• What to produce: Could you reproduce every entry as it stands, leaving the pictures behind?

• Annotated photo localization data:

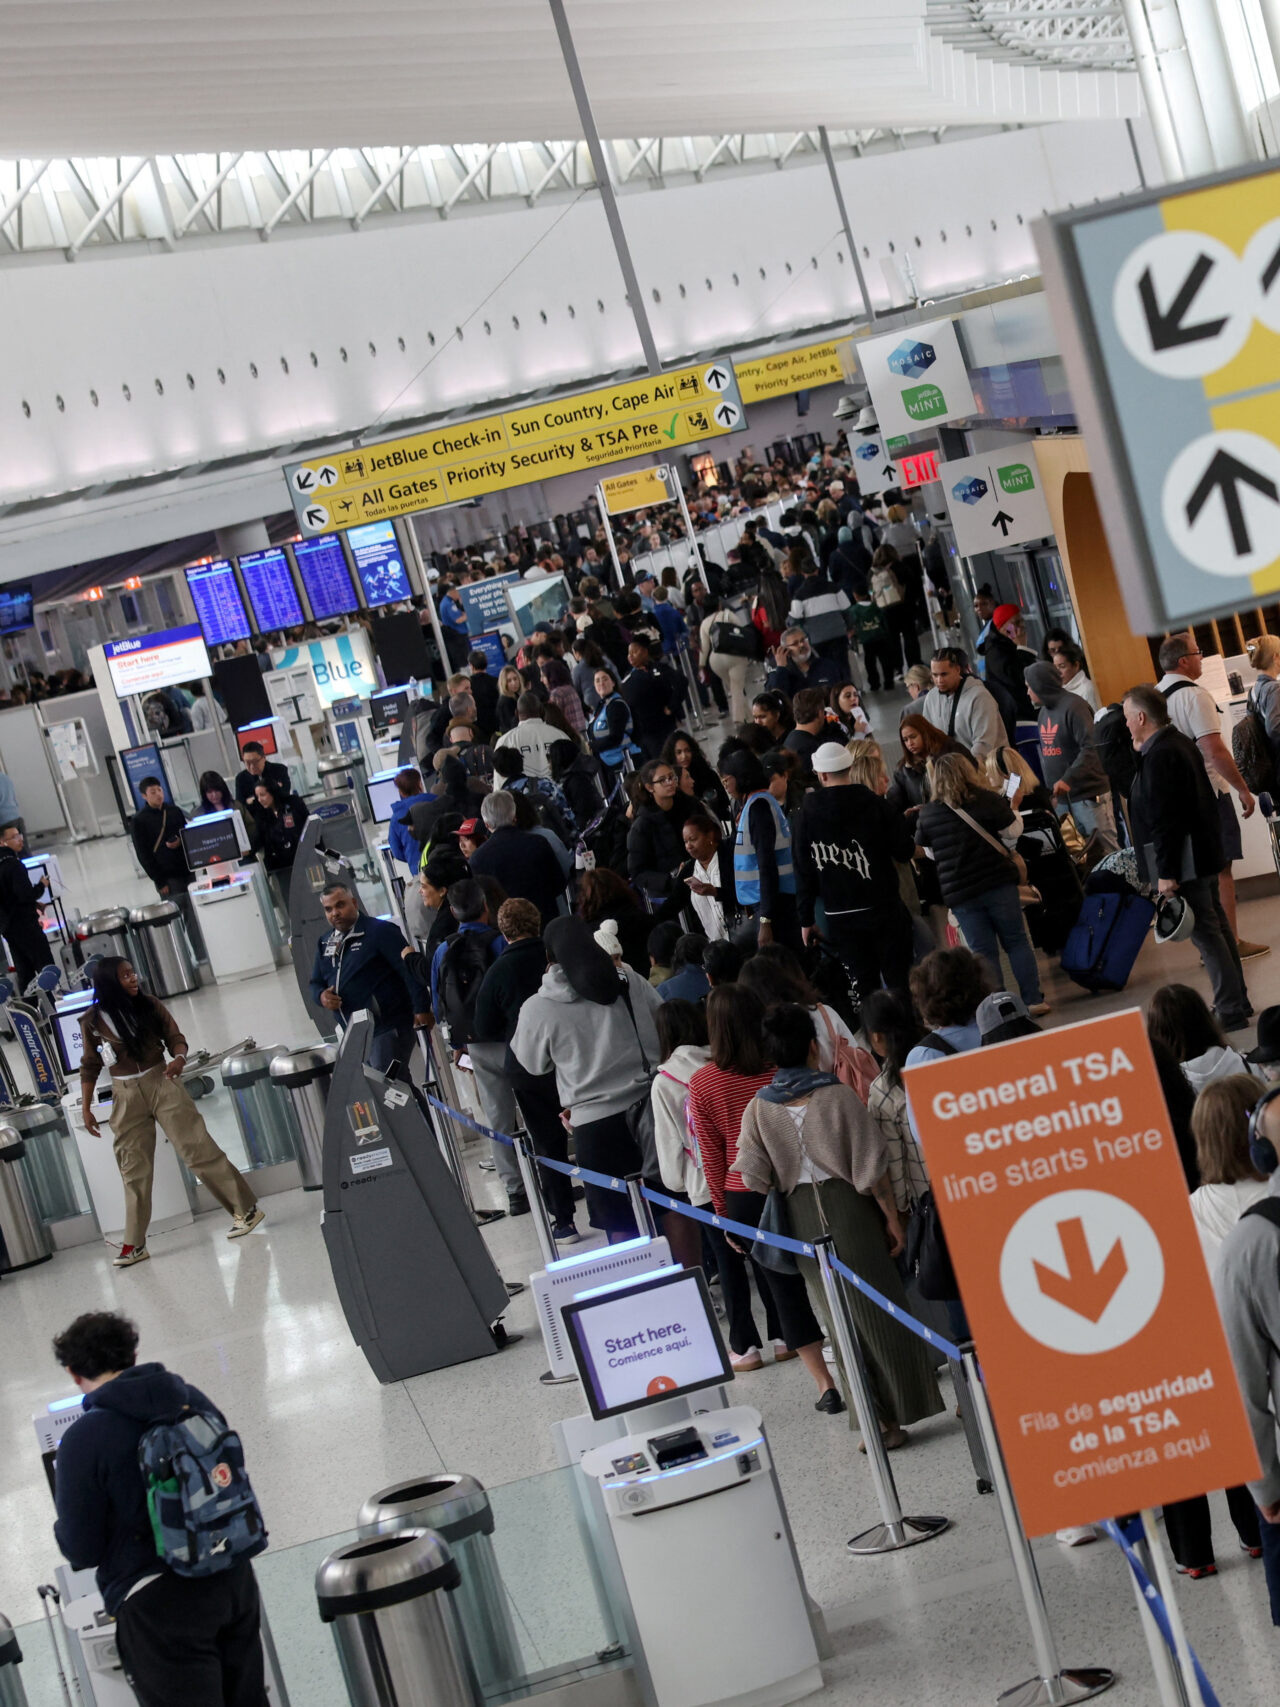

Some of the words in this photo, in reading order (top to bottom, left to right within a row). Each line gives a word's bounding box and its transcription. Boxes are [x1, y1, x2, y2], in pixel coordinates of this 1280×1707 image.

[735, 367, 764, 379] untry,
[766, 359, 789, 371] Cape
[809, 347, 837, 361] JetBlu
[891, 350, 932, 367] MOSAIC
[754, 376, 789, 392] Priority
[790, 367, 828, 383] Security
[511, 421, 540, 437] Sun
[543, 405, 608, 429] Country,
[611, 392, 649, 412] Cape
[654, 384, 675, 401] Air
[908, 397, 941, 415] MINT
[370, 447, 428, 473] JetBlue
[432, 428, 501, 456] Check-in
[446, 460, 506, 485] Priority
[510, 441, 575, 470] Security
[580, 437, 593, 452] &
[595, 428, 629, 449] TSA
[633, 423, 659, 438] Pre
[585, 447, 624, 464] Seguridad
[901, 451, 938, 485] EXIT
[1002, 474, 1029, 489] MINT
[361, 488, 384, 507] All
[388, 477, 438, 500] Gates
[605, 483, 616, 492] All
[616, 479, 638, 489] Gates
[364, 507, 387, 518] Todas
[387, 503, 399, 512] las
[400, 496, 429, 511] puertas
[493, 598, 505, 607] you
[117, 658, 138, 669] Start
[931, 1065, 1057, 1121] General
[1062, 1047, 1134, 1086] TSA
[964, 1096, 1124, 1156] screening
[943, 1170, 998, 1203] line
[1005, 1147, 1088, 1188] starts
[1092, 1127, 1163, 1165] here
[604, 1330, 646, 1354] Start
[647, 1322, 687, 1342] here.
[608, 1345, 664, 1369] Comience
[665, 1335, 693, 1353] aquí.
[1018, 1411, 1060, 1436] Fila
[1064, 1402, 1094, 1425] de
[1098, 1368, 1215, 1416] seguridad
[1069, 1432, 1099, 1454] de
[1103, 1424, 1126, 1445] la
[1128, 1408, 1181, 1437] TSA
[1053, 1446, 1159, 1488] comienza
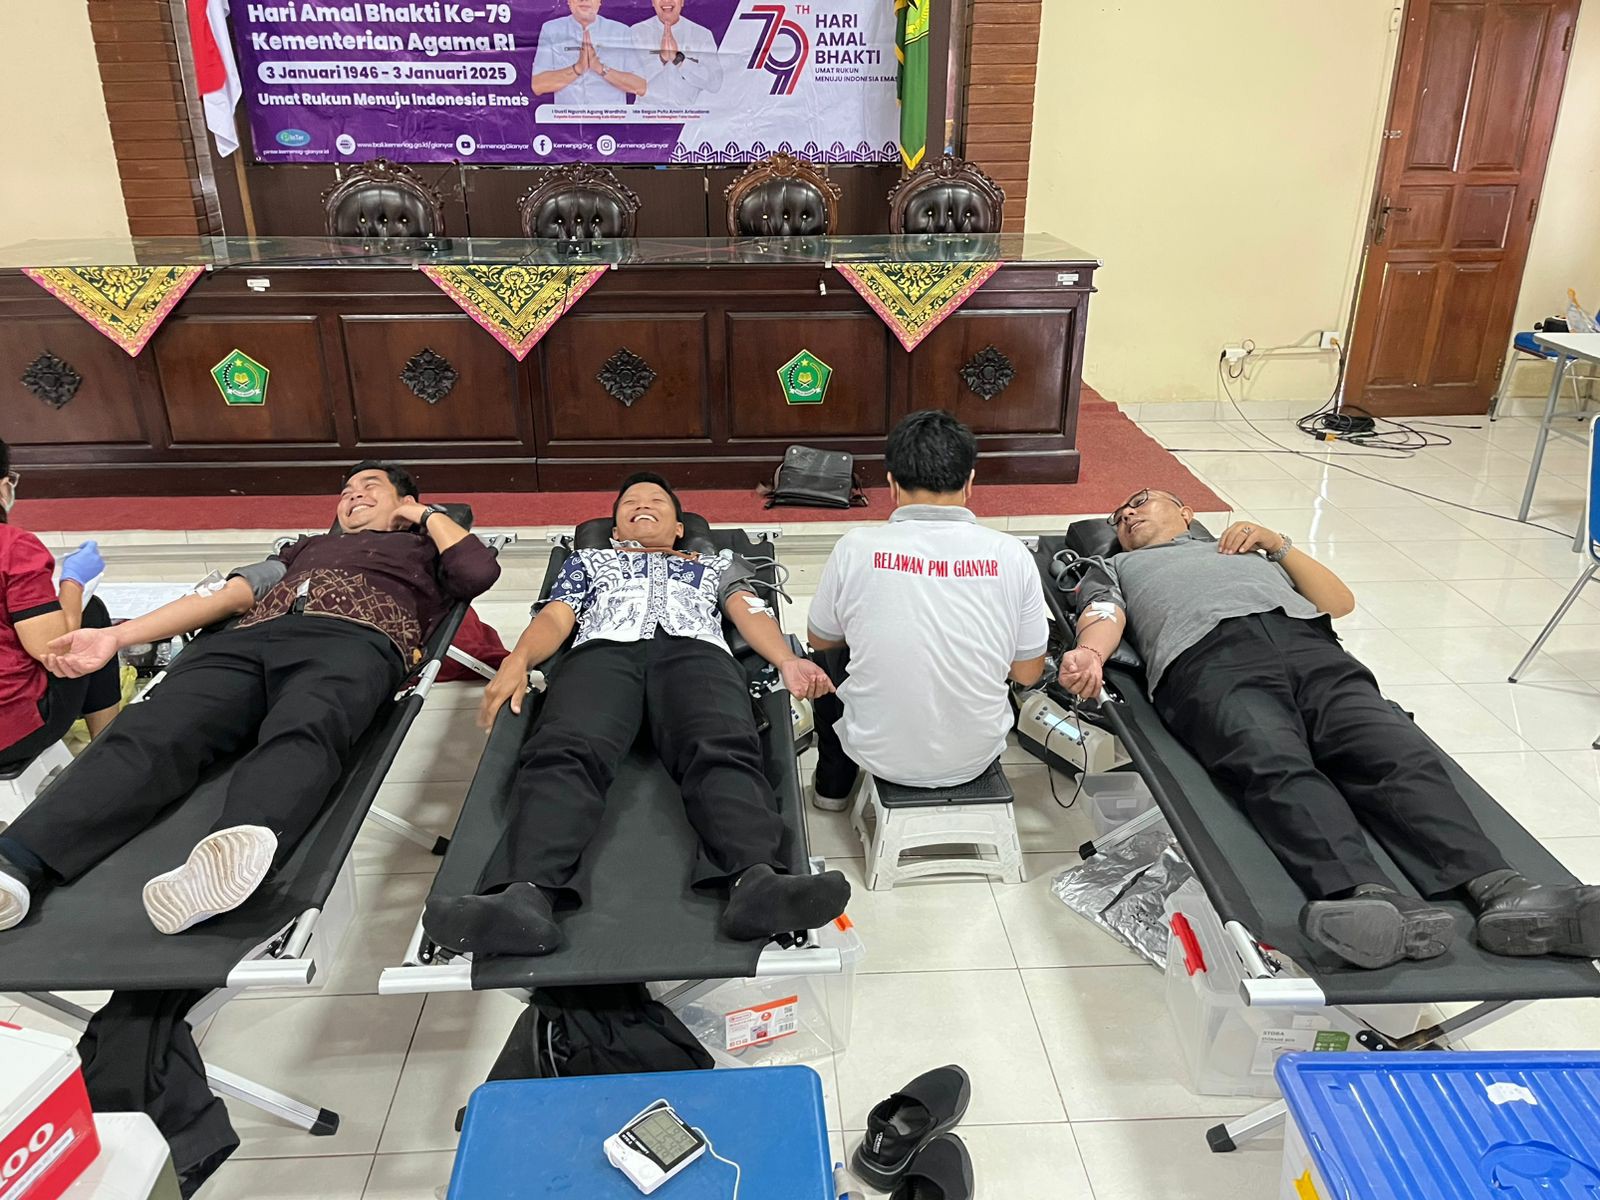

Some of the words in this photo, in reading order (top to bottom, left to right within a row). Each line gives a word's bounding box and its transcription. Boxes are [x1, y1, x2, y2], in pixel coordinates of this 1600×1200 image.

[247, 1, 297, 23] Hari
[300, 2, 363, 23] Amal
[364, 1, 441, 23] Bhakti
[443, 3, 511, 24] Ke-79
[795, 4, 810, 15] TH
[815, 13, 858, 29] HARI
[251, 29, 404, 51] Kementerian
[407, 32, 491, 57] Agama
[493, 33, 516, 51] RI
[815, 32, 867, 47] AMAL
[815, 49, 881, 65] BHAKTI
[266, 66, 275, 79] 3
[278, 65, 341, 79] Januari
[342, 66, 379, 79] 1946
[393, 66, 402, 79] 3
[405, 65, 467, 80] Januari
[469, 67, 507, 80] 2025
[257, 92, 301, 106] Umat
[301, 92, 351, 106] Rukun
[353, 91, 411, 109] Menuju
[411, 91, 487, 107] Indonesia
[487, 91, 530, 107] Emas
[873, 552, 925, 574] RELAWAN
[927, 560, 949, 577] PMI
[953, 559, 999, 577] GIANYAR
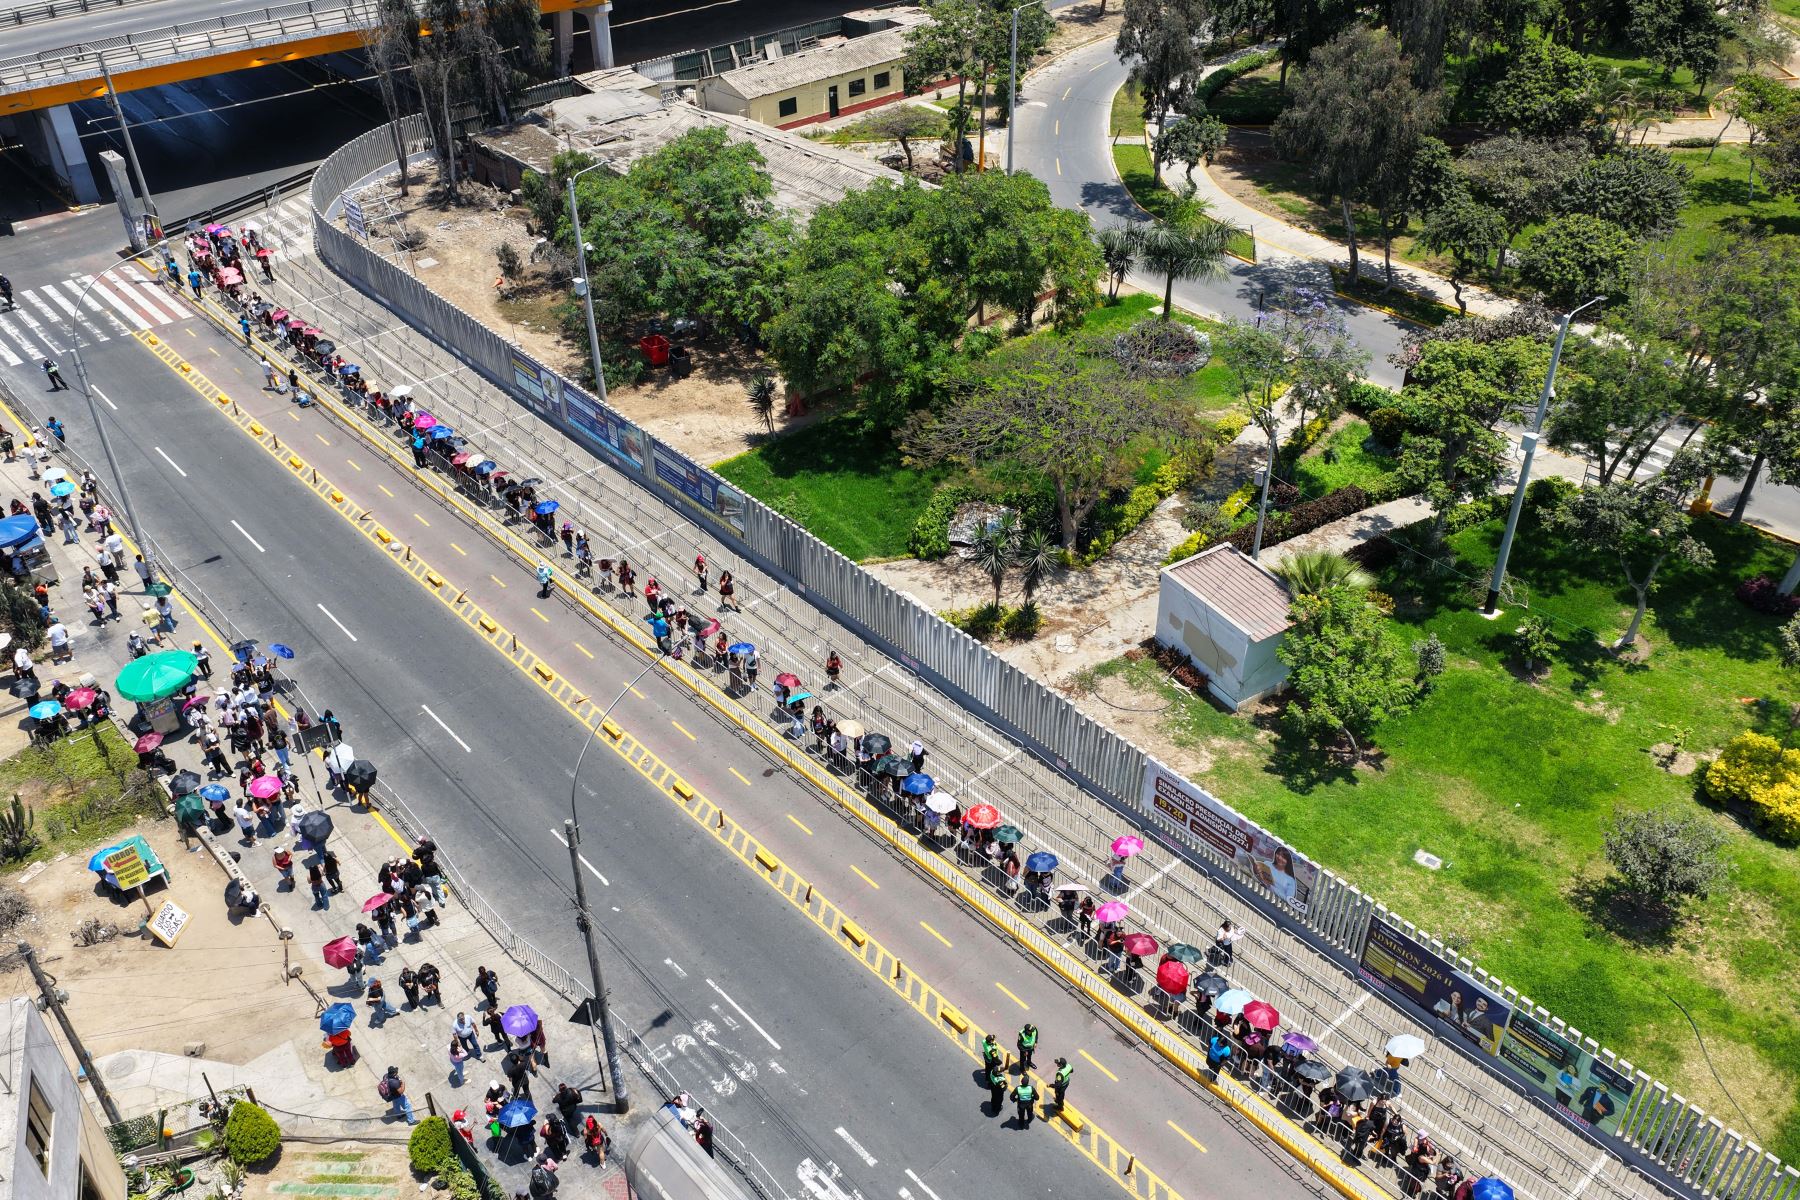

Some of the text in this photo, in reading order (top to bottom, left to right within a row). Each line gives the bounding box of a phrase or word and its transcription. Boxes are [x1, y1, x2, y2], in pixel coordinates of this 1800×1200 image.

• Result of the task:
Some of the words in this photo, in reading order (top to bottom, left to right within a row). Each line gives a word's bounding box and its transcription. Boxes are [x1, y1, x2, y2], in pixel coordinates of this 1280×1707 image.

[735, 367, 764, 379] untry,
[766, 359, 789, 371] Cape
[809, 347, 837, 361] JetBlu
[891, 350, 932, 367] MOSAIC
[754, 376, 789, 392] Priority
[790, 367, 828, 383] Security
[511, 421, 540, 437] Sun
[543, 405, 608, 429] Country,
[611, 392, 649, 412] Cape
[654, 384, 675, 401] Air
[908, 397, 941, 415] MINT
[370, 447, 428, 473] JetBlue
[432, 428, 501, 456] Check-in
[446, 460, 506, 485] Priority
[510, 441, 575, 470] Security
[580, 437, 593, 452] &
[595, 428, 629, 449] TSA
[633, 423, 659, 438] Pre
[585, 447, 624, 464] Seguridad
[901, 451, 938, 485] EXIT
[1002, 474, 1029, 489] MINT
[361, 488, 384, 507] All
[388, 477, 438, 500] Gates
[605, 483, 616, 492] All
[616, 479, 638, 489] Gates
[364, 507, 387, 518] Todas
[387, 503, 399, 512] las
[400, 496, 429, 511] puertas
[493, 598, 505, 607] you
[117, 658, 138, 669] Start
[931, 1065, 1057, 1121] General
[1062, 1047, 1134, 1086] TSA
[964, 1096, 1124, 1156] screening
[943, 1170, 998, 1203] line
[1005, 1147, 1088, 1188] starts
[1092, 1127, 1163, 1165] here
[604, 1330, 646, 1354] Start
[647, 1322, 687, 1342] here.
[608, 1345, 664, 1369] Comience
[665, 1335, 693, 1353] aquí.
[1018, 1411, 1060, 1436] Fila
[1064, 1402, 1094, 1425] de
[1098, 1368, 1215, 1416] seguridad
[1069, 1432, 1099, 1454] de
[1103, 1424, 1126, 1445] la
[1128, 1408, 1181, 1437] TSA
[1053, 1446, 1159, 1488] comienza

Some of the words in this photo, in reading order (top to bottom, left to right within a row). Each line gives a word's bounding box and its transcription. Boxes are [x1, y1, x2, y2], in pixel coordinates of this 1600×1200 image.

[247, 1, 297, 23] Hari
[300, 2, 363, 23] Amal
[364, 1, 441, 23] Bhakti
[443, 3, 511, 24] Ke-79
[795, 4, 810, 15] TH
[815, 13, 858, 29] HARI
[251, 29, 404, 51] Kementerian
[407, 32, 491, 57] Agama
[493, 33, 516, 51] RI
[815, 32, 867, 47] AMAL
[815, 49, 881, 65] BHAKTI
[266, 66, 275, 79] 3
[278, 65, 341, 79] Januari
[342, 66, 379, 79] 1946
[393, 66, 402, 79] 3
[405, 65, 467, 80] Januari
[469, 67, 507, 80] 2025
[257, 92, 301, 106] Umat
[301, 92, 351, 106] Rukun
[353, 91, 411, 109] Menuju
[411, 91, 487, 107] Indonesia
[487, 91, 530, 107] Emas
[873, 552, 925, 574] RELAWAN
[927, 560, 949, 577] PMI
[953, 559, 999, 577] GIANYAR

Some of the text in this photo, in reading order (top to bottom, left to right within a row). Each line gives the bounding box of a phrase or word and its transcription. Boxes are [x1, y1, x2, y2], in pixel coordinates of this 1800×1200 image.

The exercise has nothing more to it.